►

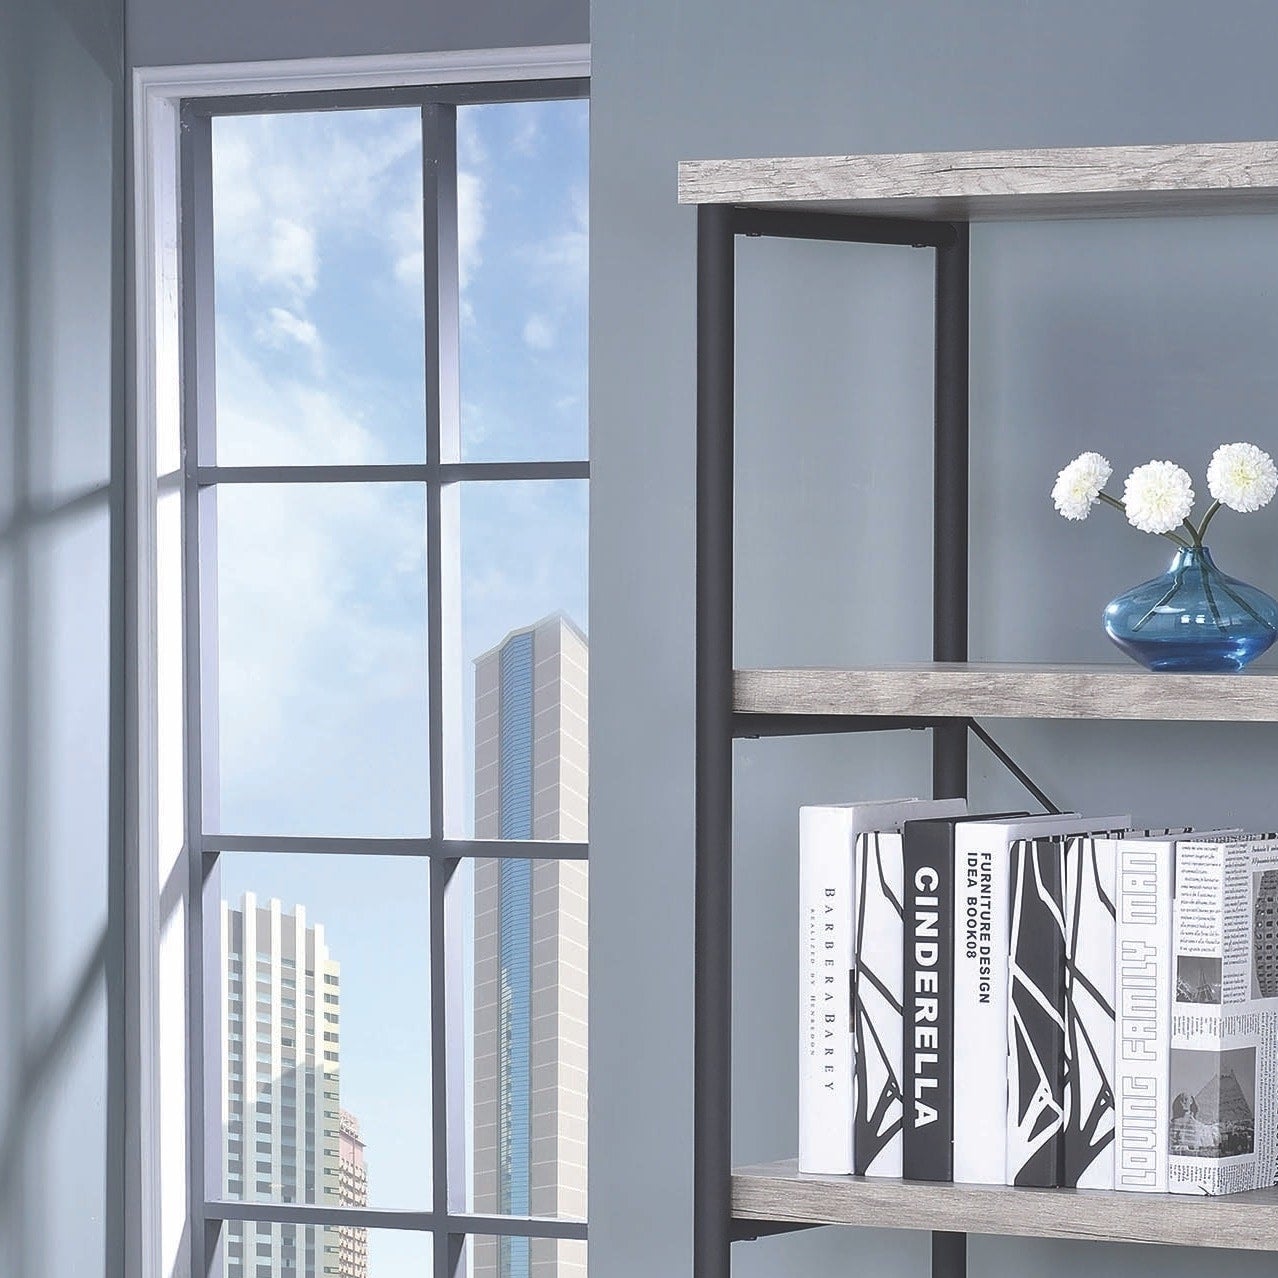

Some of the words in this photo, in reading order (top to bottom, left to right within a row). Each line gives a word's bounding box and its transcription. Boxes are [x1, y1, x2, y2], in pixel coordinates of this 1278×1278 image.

[967, 852, 977, 888] IDEA
[980, 852, 991, 942] FURNITURE
[1121, 852, 1157, 925] MAN
[966, 897, 977, 959] BOOK08
[914, 866, 939, 1128] CINDERELLA
[980, 945, 991, 1003] DESIGN
[1121, 940, 1157, 1061] FAMILY
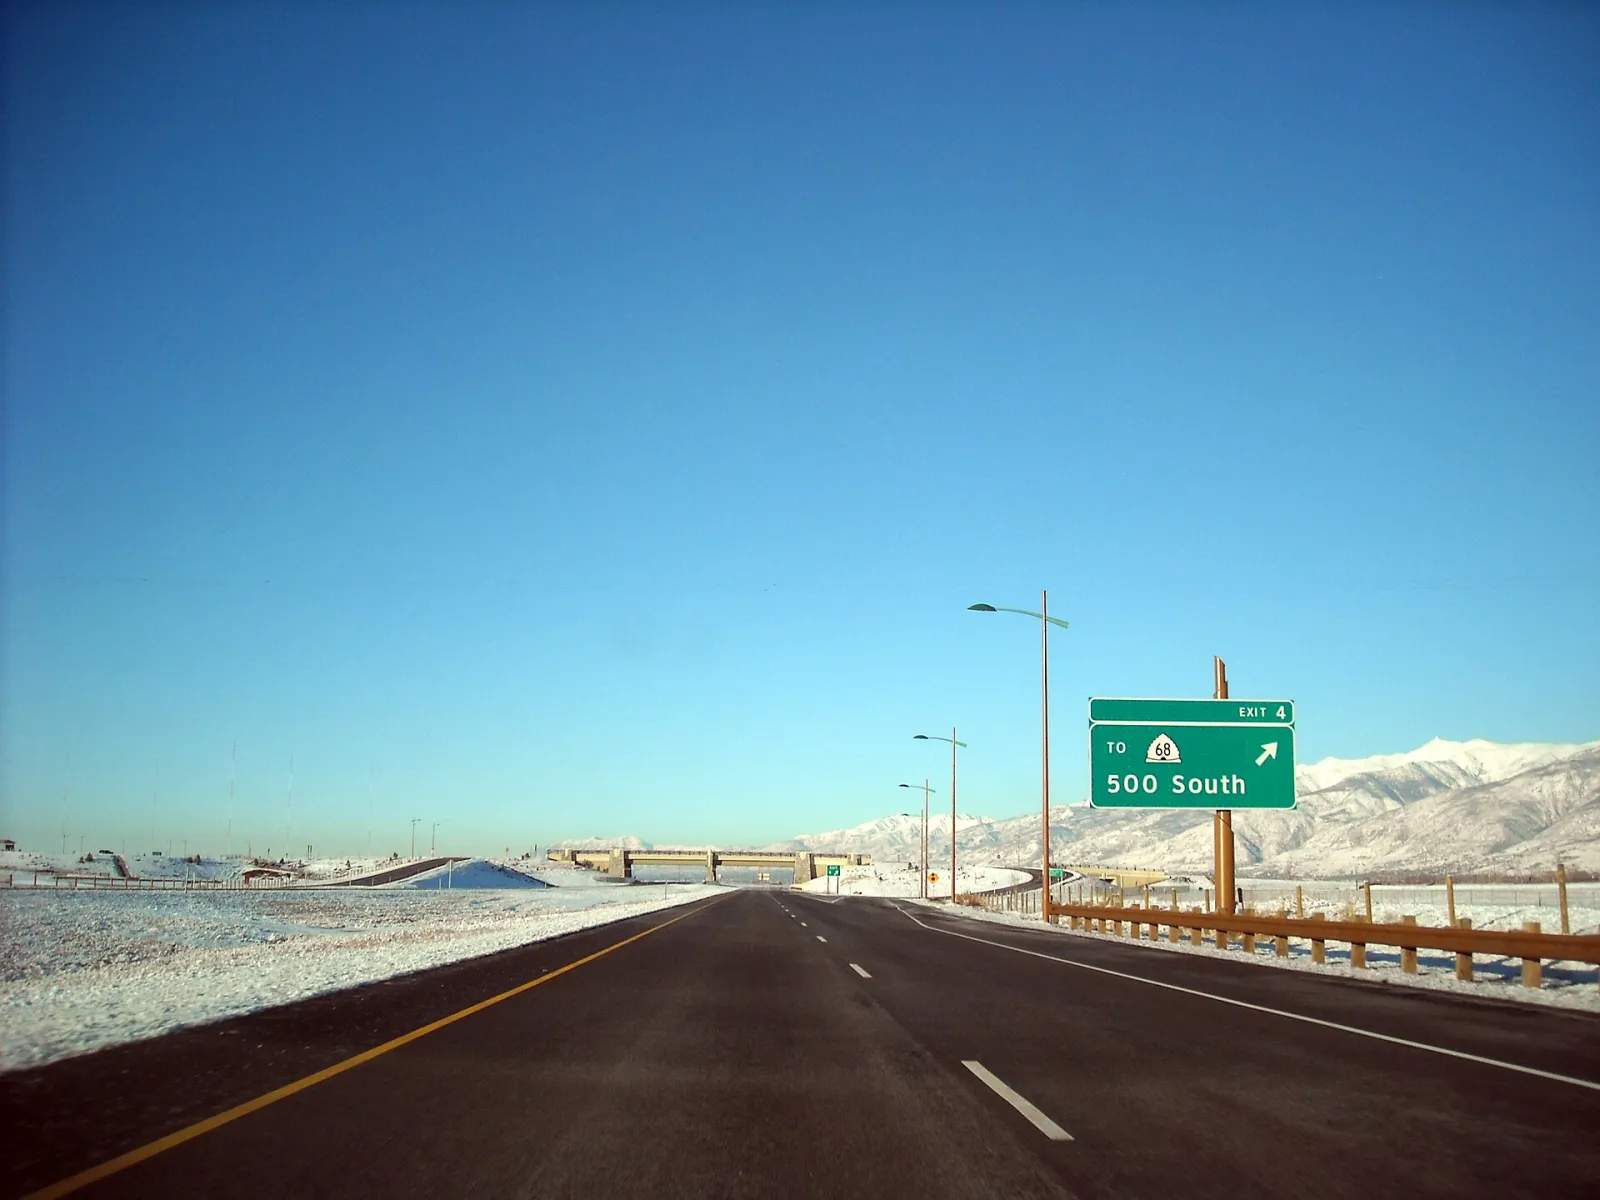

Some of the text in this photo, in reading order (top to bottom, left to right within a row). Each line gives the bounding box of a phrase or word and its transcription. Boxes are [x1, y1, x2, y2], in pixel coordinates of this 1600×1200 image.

◄

Repeat the records above verbatim. Include none of the pictures.

Some of the words in this photo, in reading order (top to bottom, left to right within a row). Each line gives a word's bounding box and its transcription. Boxes are [x1, y1, x2, y2], in pixel coordinates of this 1278×1278 image.

[967, 852, 977, 888] IDEA
[980, 852, 991, 942] FURNITURE
[1121, 852, 1157, 925] MAN
[966, 897, 977, 959] BOOK08
[914, 866, 939, 1128] CINDERELLA
[980, 945, 991, 1003] DESIGN
[1121, 940, 1157, 1061] FAMILY

Some of the text in this photo, in reading order (top to bottom, left to right within a row). Each line gives the bounding box of a phrase or word and its transcription. Boxes are [x1, y1, x2, y2], in pixel coordinates of this 1600×1200 image.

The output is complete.